What you will do: Could you retype the whole listing word for word and drop the images?
^^^^^^^^
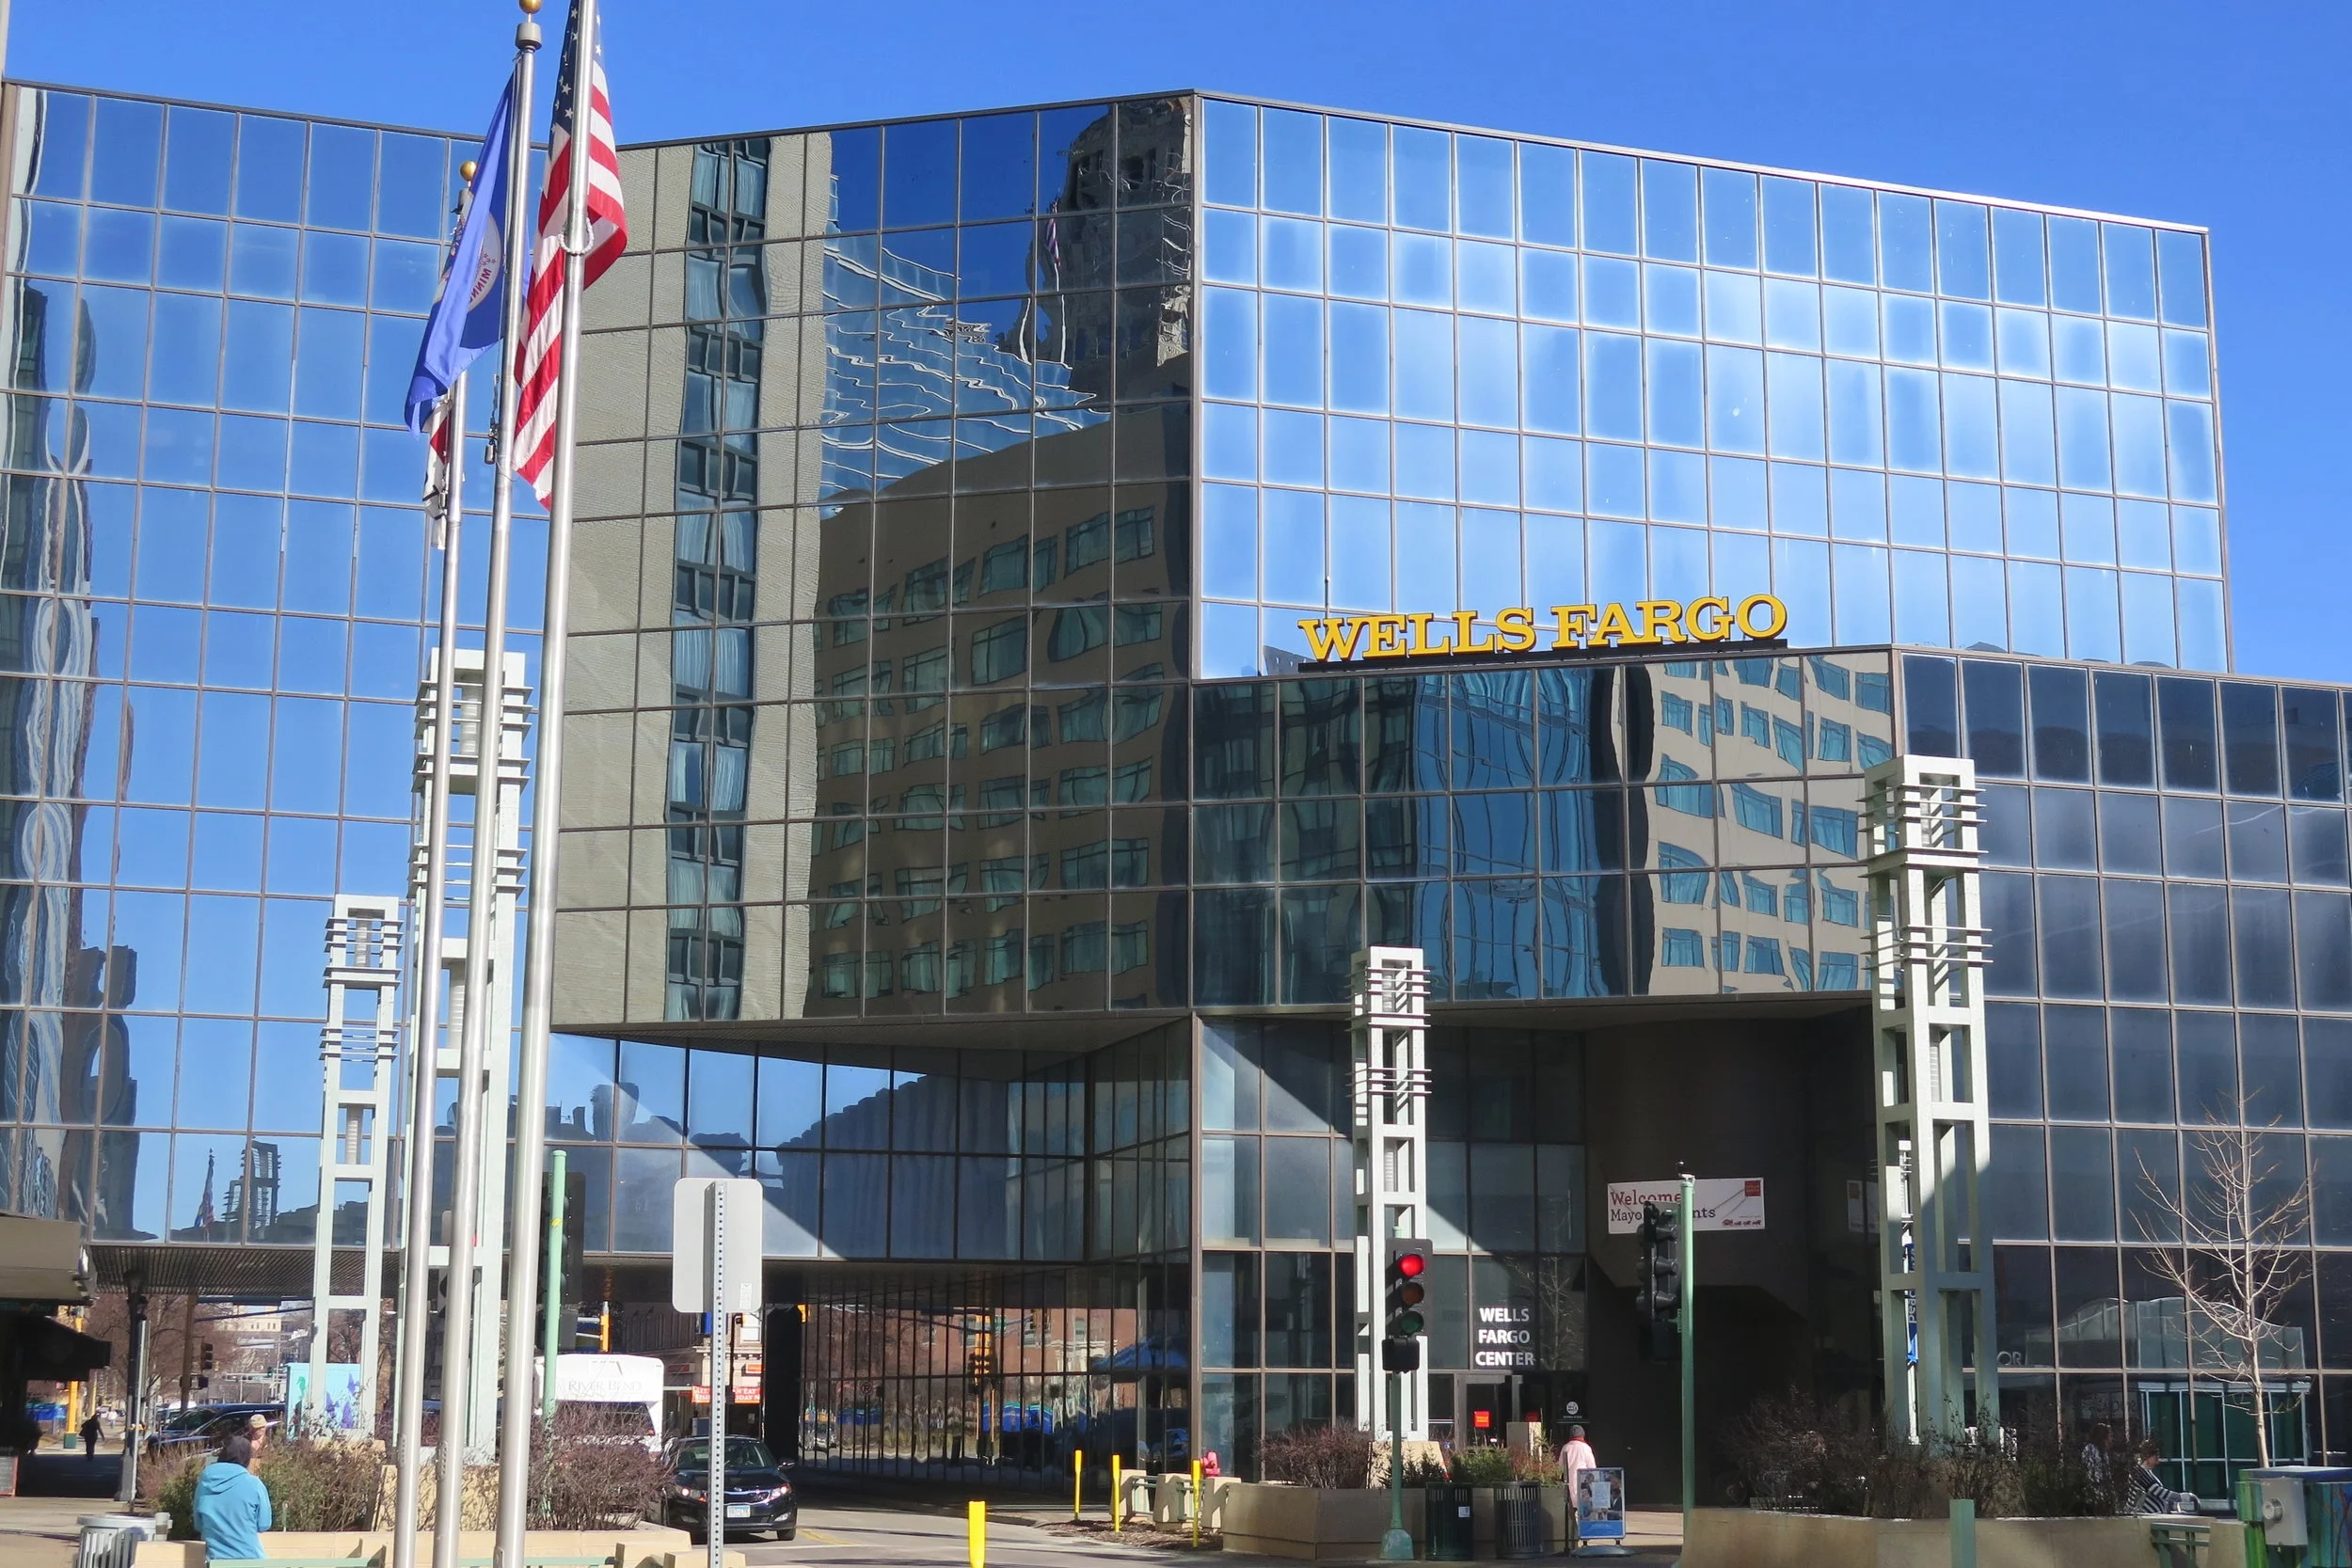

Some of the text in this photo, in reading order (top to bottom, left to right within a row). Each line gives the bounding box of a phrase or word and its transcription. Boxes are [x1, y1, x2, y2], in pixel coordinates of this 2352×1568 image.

[1298, 594, 1788, 662] WELLS FARGO
[1610, 1208, 1642, 1224] Mayo
[1479, 1307, 1530, 1323] WELLS
[1478, 1329, 1531, 1344] FARGO
[1475, 1351, 1534, 1366] CENTER
[568, 1380, 643, 1391] RIVER BEND
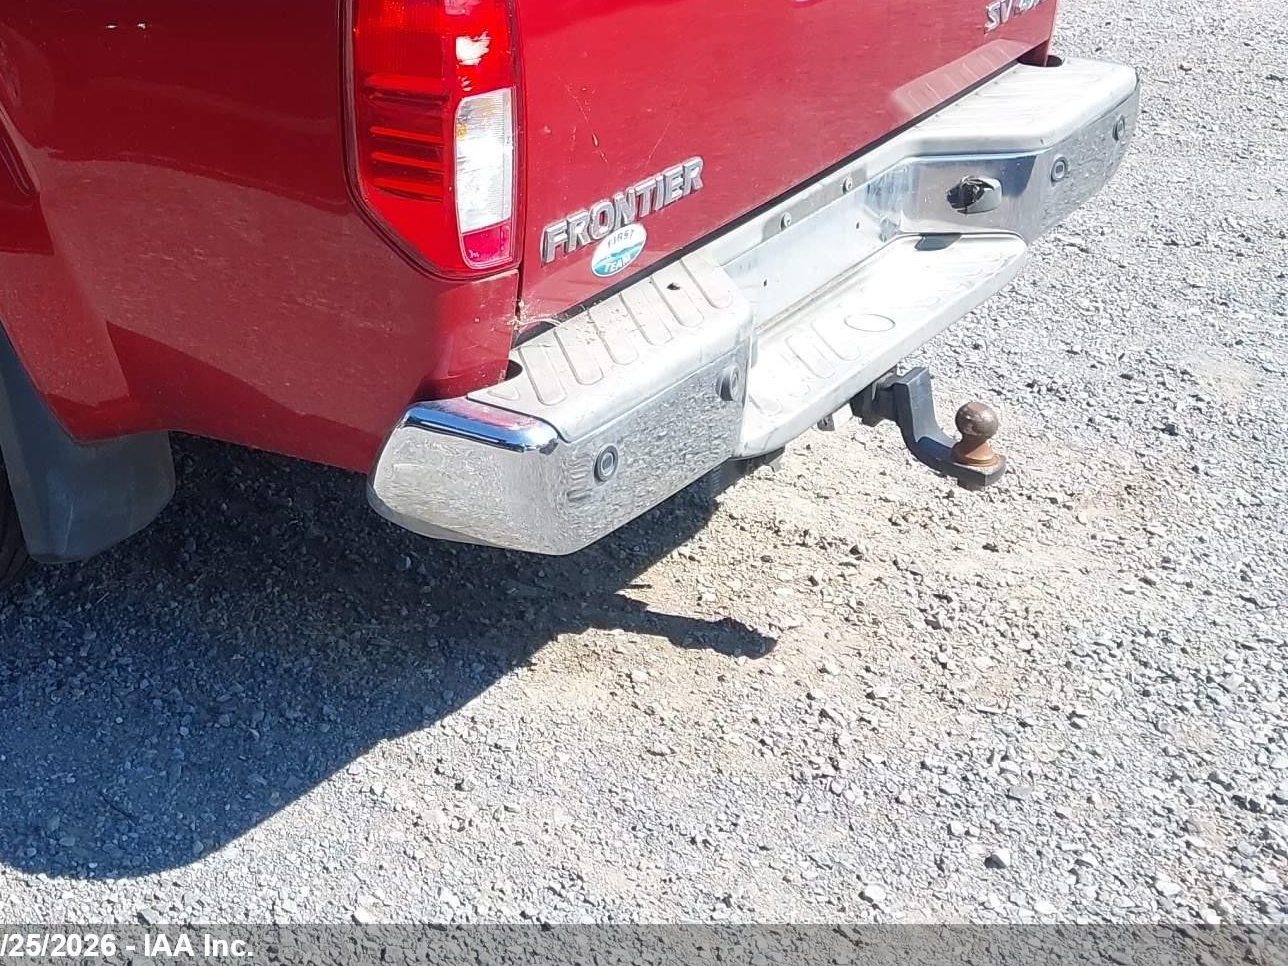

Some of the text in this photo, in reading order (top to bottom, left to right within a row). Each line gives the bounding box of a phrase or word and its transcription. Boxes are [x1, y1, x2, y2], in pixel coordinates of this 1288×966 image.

[541, 156, 704, 266] FRONTIER
[607, 229, 635, 249] FIRST
[604, 253, 632, 274] TEAM
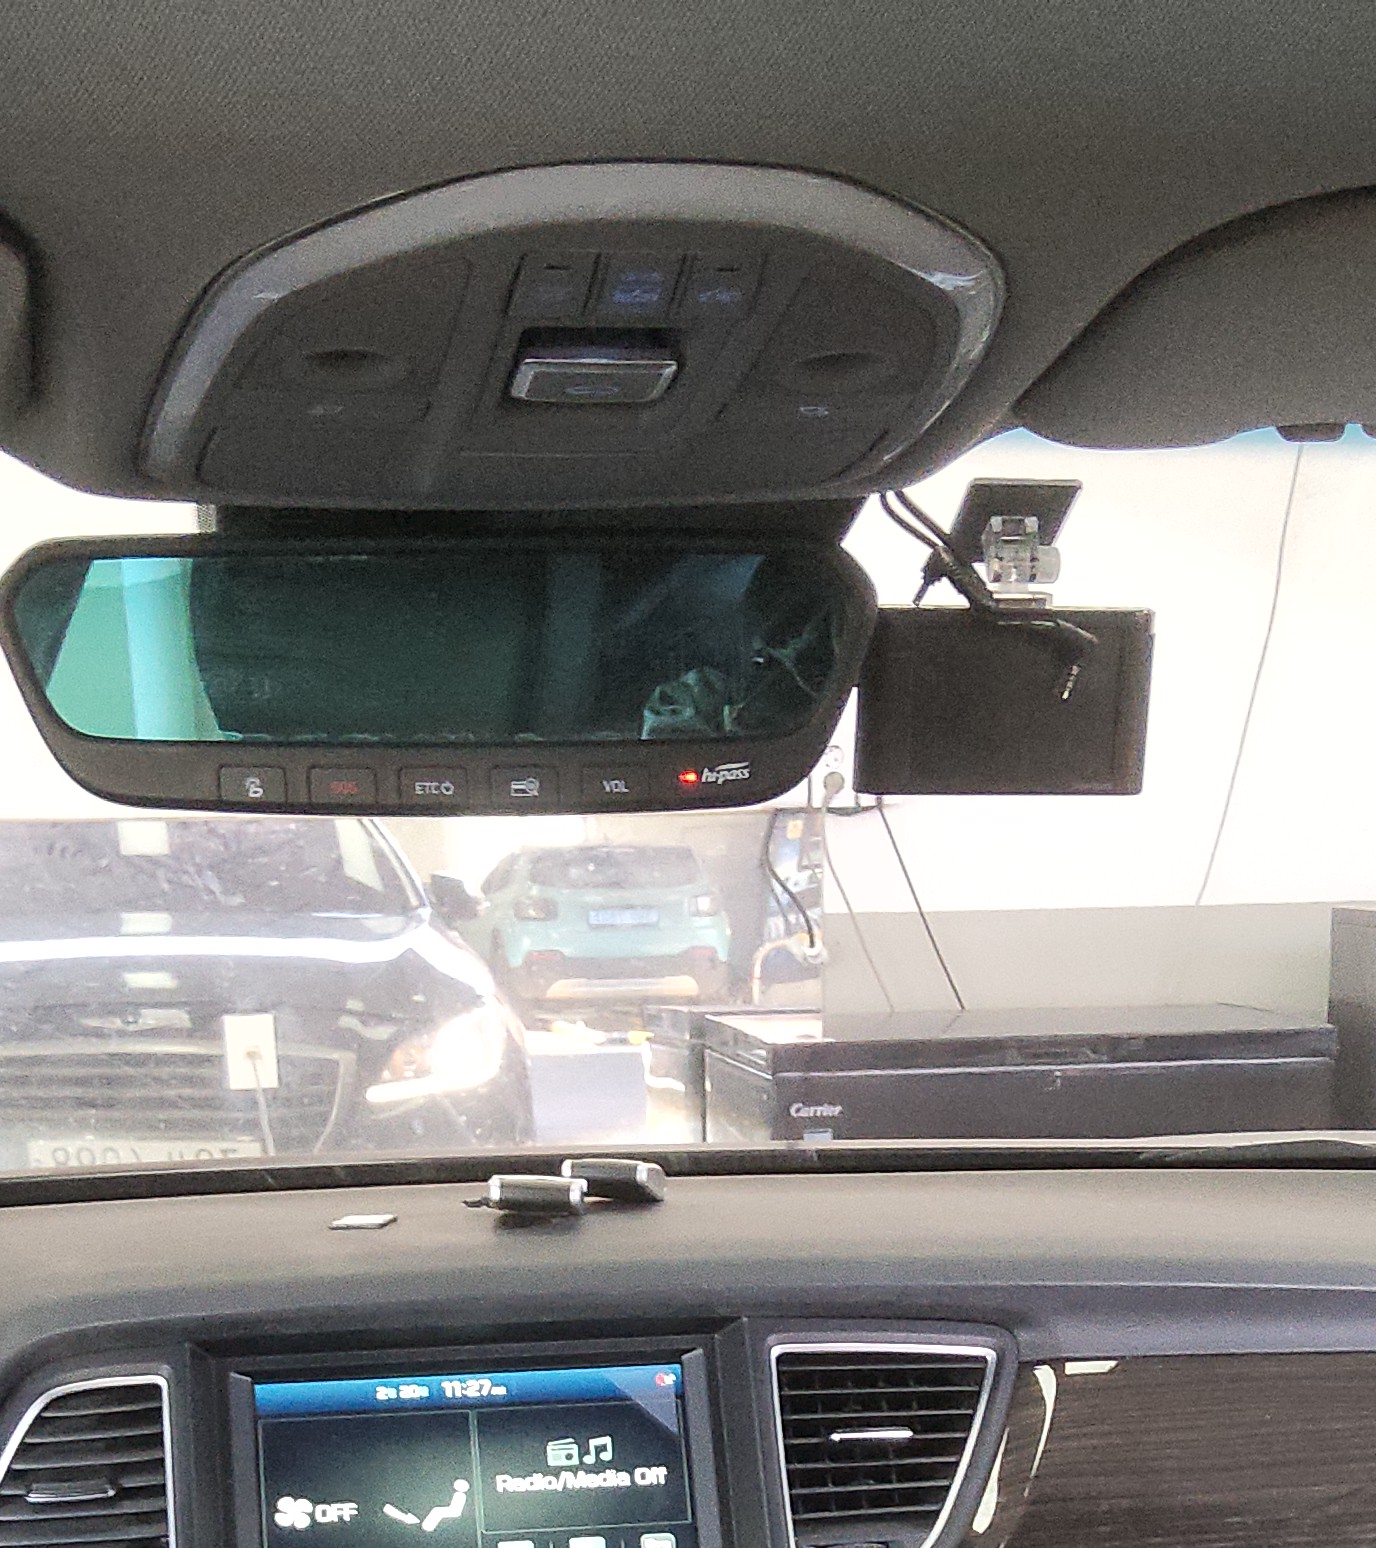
^^^^^^^^
Final answer:
Some of the text in this photo, in reading order (top to bottom, left to right within a row). Each line gives the bounding box of a phrase or word and its transcription. Boxes are [x1, y1, x2, y2], in pixel coordinates of this 2352×1568 image.

[1298, 594, 1788, 662] WELLS FARGO
[1610, 1208, 1642, 1224] Mayo
[1479, 1307, 1530, 1323] WELLS
[1478, 1329, 1531, 1344] FARGO
[1475, 1351, 1534, 1366] CENTER
[568, 1380, 643, 1391] RIVER BEND

Some of the text in this photo, in reading order (top to bottom, left to right within a row). Each line gives the bounding box of a phrase or word and its transcription. Boxes are [x1, y1, x2, y2], in pixel coordinates of this 1288×966 image.

[541, 156, 704, 266] FRONTIER
[607, 229, 635, 249] FIRST
[604, 253, 632, 274] TEAM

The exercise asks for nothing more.